DATA TO USE
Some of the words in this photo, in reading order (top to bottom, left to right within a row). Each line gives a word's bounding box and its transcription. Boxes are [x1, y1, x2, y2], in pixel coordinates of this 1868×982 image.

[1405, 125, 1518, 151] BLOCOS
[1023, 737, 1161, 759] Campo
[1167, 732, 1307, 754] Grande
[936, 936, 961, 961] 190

PROBLEM DETAILS
Output all of the entries, exactly as they are written.

ANSWER SECTION
Some of the words in this photo, in reading order (top to bottom, left to right within a row). Each line gives a word's bounding box and its transcription. Boxes are [x1, y1, x2, y2], in pixel coordinates of this 1868×982 image.

[1405, 125, 1518, 151] BLOCOS
[1023, 737, 1161, 759] Campo
[1167, 732, 1307, 754] Grande
[936, 936, 961, 961] 190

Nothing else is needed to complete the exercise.